* [Problem requirements] Copy every entry word for word, but skip the pictures.

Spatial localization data
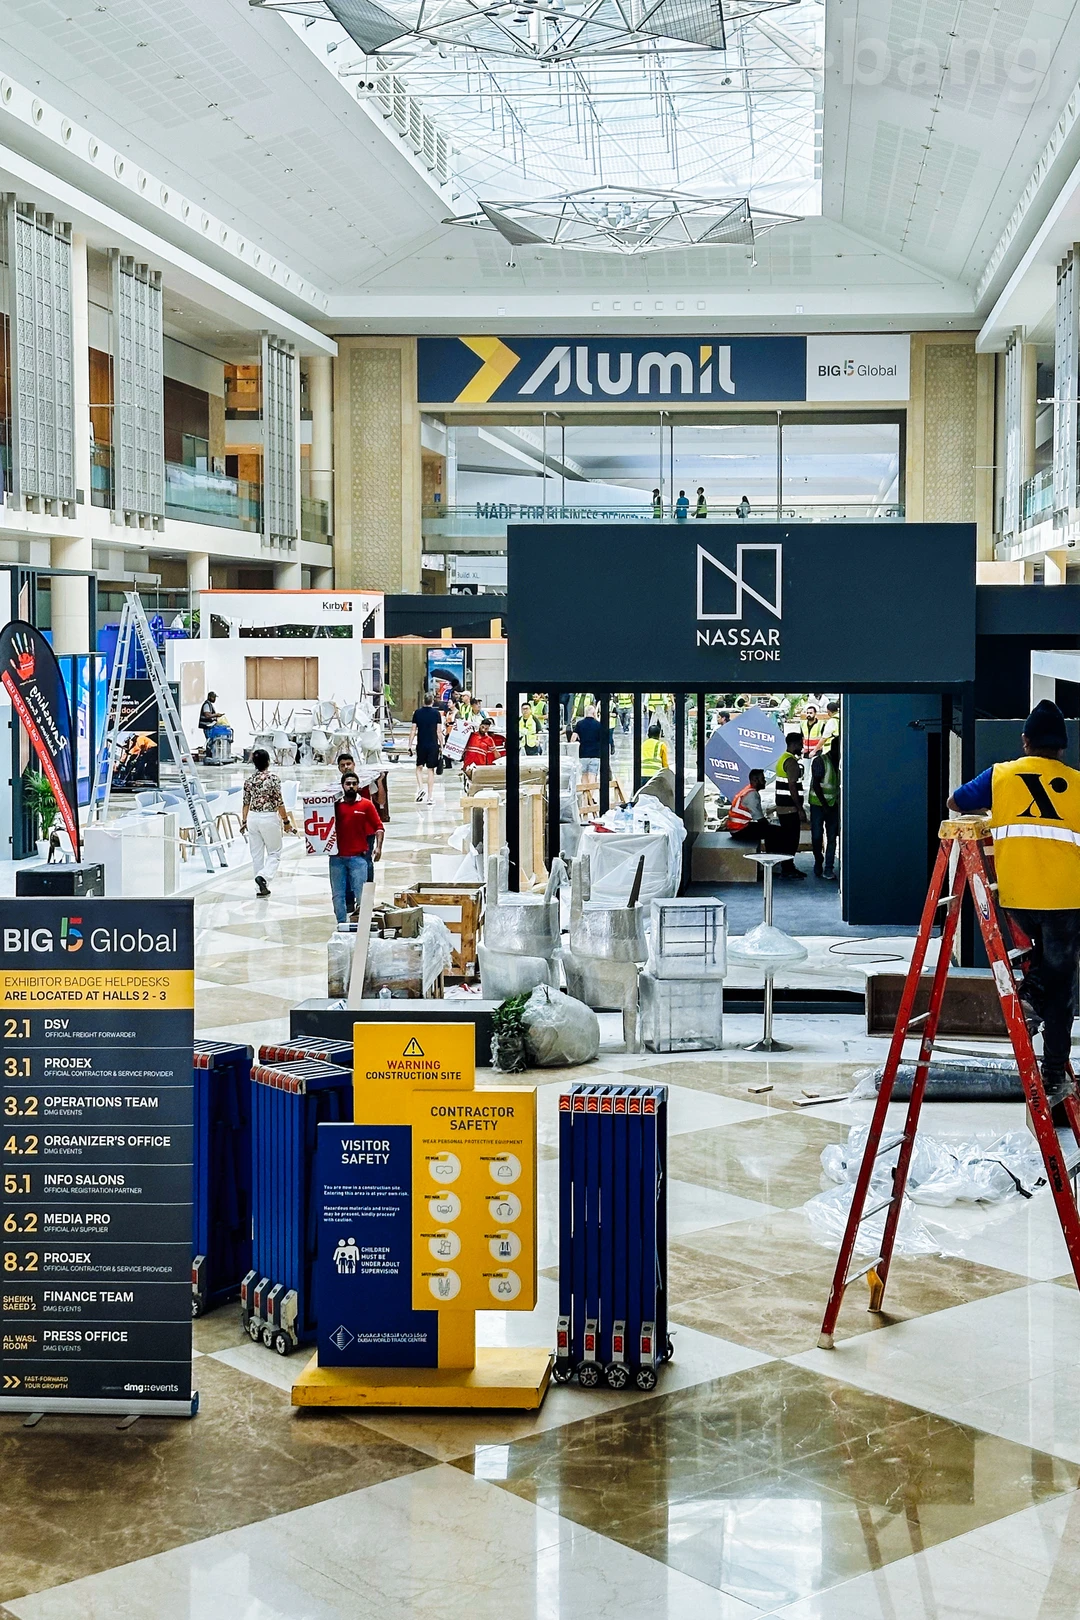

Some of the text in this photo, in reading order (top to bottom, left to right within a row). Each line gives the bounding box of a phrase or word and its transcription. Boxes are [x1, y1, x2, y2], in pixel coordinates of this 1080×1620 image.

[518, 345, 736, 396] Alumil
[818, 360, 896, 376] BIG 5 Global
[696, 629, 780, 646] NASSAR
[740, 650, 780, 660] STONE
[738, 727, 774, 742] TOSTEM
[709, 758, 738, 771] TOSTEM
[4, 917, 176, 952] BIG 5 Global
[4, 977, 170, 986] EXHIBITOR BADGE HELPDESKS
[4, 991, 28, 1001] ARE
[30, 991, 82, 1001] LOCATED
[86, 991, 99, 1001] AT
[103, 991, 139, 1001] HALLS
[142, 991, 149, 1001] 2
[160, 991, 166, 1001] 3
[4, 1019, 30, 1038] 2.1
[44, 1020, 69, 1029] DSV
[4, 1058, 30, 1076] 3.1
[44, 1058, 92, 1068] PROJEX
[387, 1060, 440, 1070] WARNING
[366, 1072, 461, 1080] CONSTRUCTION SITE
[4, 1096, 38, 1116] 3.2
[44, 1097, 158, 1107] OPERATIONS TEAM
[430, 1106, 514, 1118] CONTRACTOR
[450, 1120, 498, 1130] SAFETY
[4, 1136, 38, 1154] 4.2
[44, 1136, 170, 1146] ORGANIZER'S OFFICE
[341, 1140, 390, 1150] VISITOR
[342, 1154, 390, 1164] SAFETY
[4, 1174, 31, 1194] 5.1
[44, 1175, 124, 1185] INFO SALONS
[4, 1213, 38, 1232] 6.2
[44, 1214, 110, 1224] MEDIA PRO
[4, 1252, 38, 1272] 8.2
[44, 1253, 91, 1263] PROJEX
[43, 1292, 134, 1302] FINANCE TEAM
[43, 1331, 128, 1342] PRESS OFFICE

* [Answer space]
Some of the text in this photo, in reading order (top to bottom, left to right within a row). Each line gives the bounding box of a phrase or word and its transcription. Boxes are [x1, y1, x2, y2], in pixel coordinates of this 1080×1620 image.

[518, 345, 736, 396] Alumil
[818, 360, 896, 376] BIG 5 Global
[696, 629, 780, 646] NASSAR
[740, 650, 780, 660] STONE
[738, 727, 774, 742] TOSTEM
[709, 758, 738, 771] TOSTEM
[4, 917, 176, 952] BIG 5 Global
[4, 977, 170, 986] EXHIBITOR BADGE HELPDESKS
[4, 991, 28, 1001] ARE
[30, 991, 82, 1001] LOCATED
[86, 991, 99, 1001] AT
[103, 991, 139, 1001] HALLS
[142, 991, 149, 1001] 2
[160, 991, 166, 1001] 3
[4, 1019, 30, 1038] 2.1
[44, 1020, 69, 1029] DSV
[4, 1058, 30, 1076] 3.1
[44, 1058, 92, 1068] PROJEX
[387, 1060, 440, 1070] WARNING
[366, 1072, 461, 1080] CONSTRUCTION SITE
[4, 1096, 38, 1116] 3.2
[44, 1097, 158, 1107] OPERATIONS TEAM
[430, 1106, 514, 1118] CONTRACTOR
[450, 1120, 498, 1130] SAFETY
[4, 1136, 38, 1154] 4.2
[44, 1136, 170, 1146] ORGANIZER'S OFFICE
[341, 1140, 390, 1150] VISITOR
[342, 1154, 390, 1164] SAFETY
[4, 1174, 31, 1194] 5.1
[44, 1175, 124, 1185] INFO SALONS
[4, 1213, 38, 1232] 6.2
[44, 1214, 110, 1224] MEDIA PRO
[4, 1252, 38, 1272] 8.2
[44, 1253, 91, 1263] PROJEX
[43, 1292, 134, 1302] FINANCE TEAM
[43, 1331, 128, 1342] PRESS OFFICE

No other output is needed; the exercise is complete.